Prova a metterti nei loro panni. Almeno, in quelli di chi fugge da una guerra, da una persecuzione, da una carestia infinita e attraversa a piedi deserti e Stati per provare a concretizzare il sogno di una vita più sicura e un minimo dignitosa. Lo fanno senza essere invitati da nessuno, magari con la famiglia al seguito, per finire preda dei trafficanti di uomini nell’ipotesi migliore, o per finire in fondo al Mediterraneo nell’ipotesi peggiore. Con l’Europa che da anni si gira dall’altra parte, fa finta di non vedere i naufragi di tanti barconi, e lascia che migliaia di extracomunitari si trasformino in cibo per pesci. Gli stessi pesci che poi, non è da escludere, finiscono sulle nostre tavole.
Noi, oggi, dobbiamo accogliere gli extracomunitari perché qualunque vita umana in difficoltà va aiutata, a prescindere dalla nazionalità o dal colore della pelle.

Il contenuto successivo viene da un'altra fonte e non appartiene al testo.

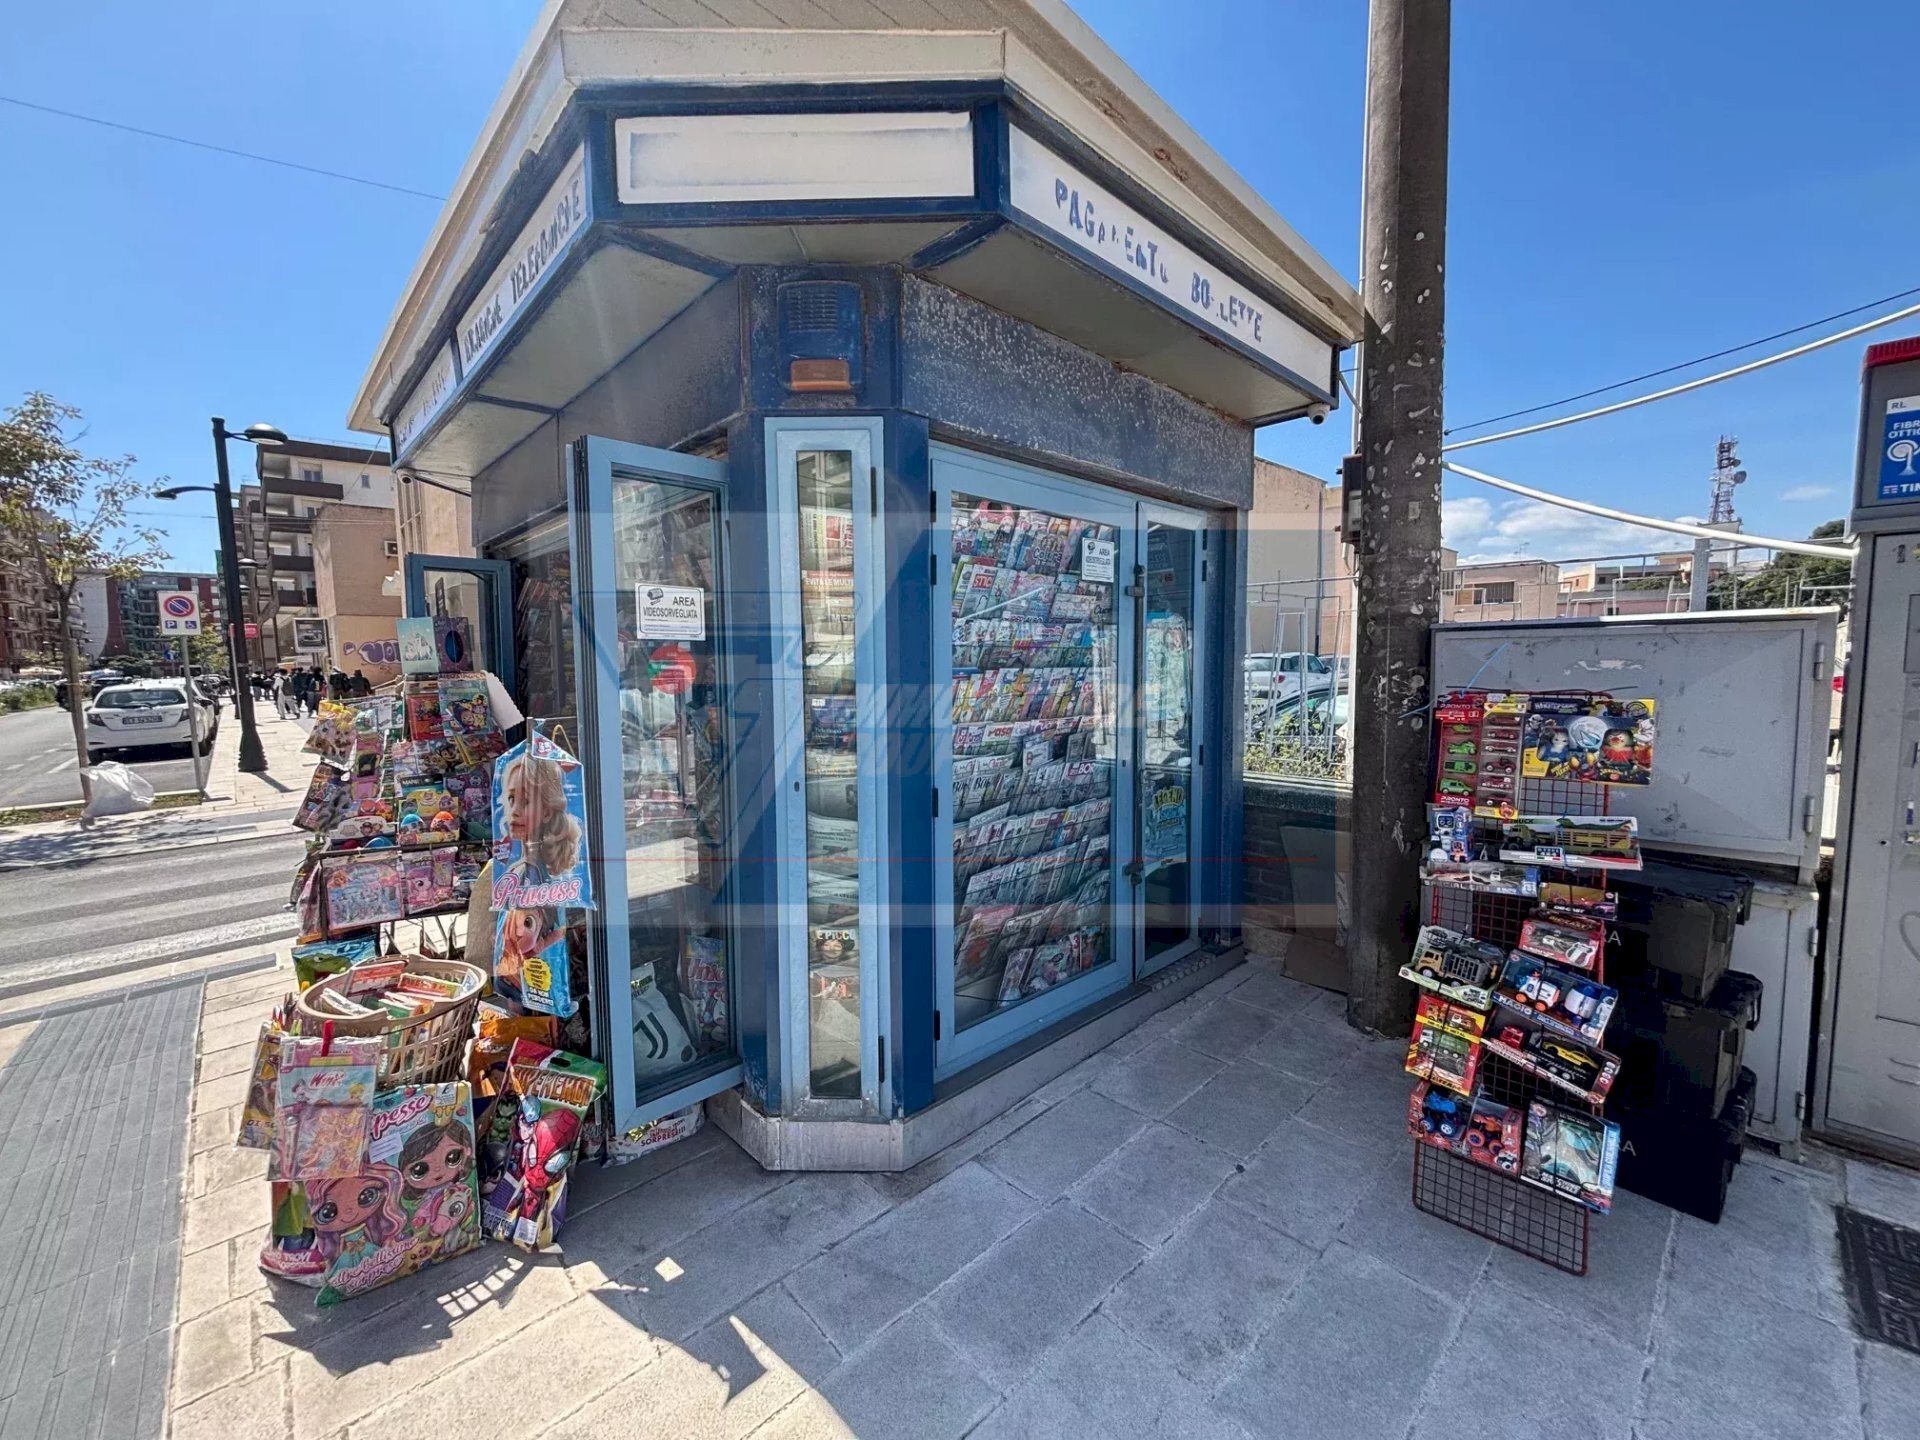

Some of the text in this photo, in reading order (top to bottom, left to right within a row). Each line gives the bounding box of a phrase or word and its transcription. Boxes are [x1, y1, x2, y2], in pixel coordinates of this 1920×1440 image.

[672, 596, 696, 607] AREA
[643, 606, 698, 619] VIDEOSORVEGLIATA
[493, 872, 583, 909] Princess

Il loro esodo verso l’Europa non è paragonabile a quello italico verso l’America, l’ho già detto: contesti storici e sociali completamenti diversi. Certo, quando le masse si spostano al loro interno si nasconde di tutto: gente per bene, furbi e malavitosi, anche se spesso sono le circostanze a rendere spacciatori gli extracomunitari che riescono a raggiungere l’Italia: in qualche modo devono pur mangiare, e se la macchina dell’accoglienza e del ricollocamento non funziona, le persone si arrangiano. Così come si arrangiarono gli italiani in America che fondarono la Mano nera, prima organizzazione clandestina che poi degenerò diventando la mafia americana di Al Capone e compagni.
Sono anni e anni che si va avanti così, con gli italiani che accolgono come possono tutti quelli che arrivano e con i politici che fanno di tutto per non trovare una soluzione all’accoglienza. Fermo restando che non tutti gli extracomunitari che arrivano in Italia possono essere assorbiti solo da noi. Sono stufo di tutti questi morti nel Mediterraneo dovuti ai tanti barconi naufragati, stufo dei sensi di colpa e dell’angoscia che, come cittadino del mondo, mi porto addosso e li accompagna.
Mi sono informato: un biglietto aereo low cost Baghdad-Milano costa dai 350 ai 500 euro circa; Kabul-Milano costa circa 860 euro; un posto su un barcone della disperazione a un extracomunitario costa dai 3 ai 6 mila dollari. Tanta, tantissima rabbia!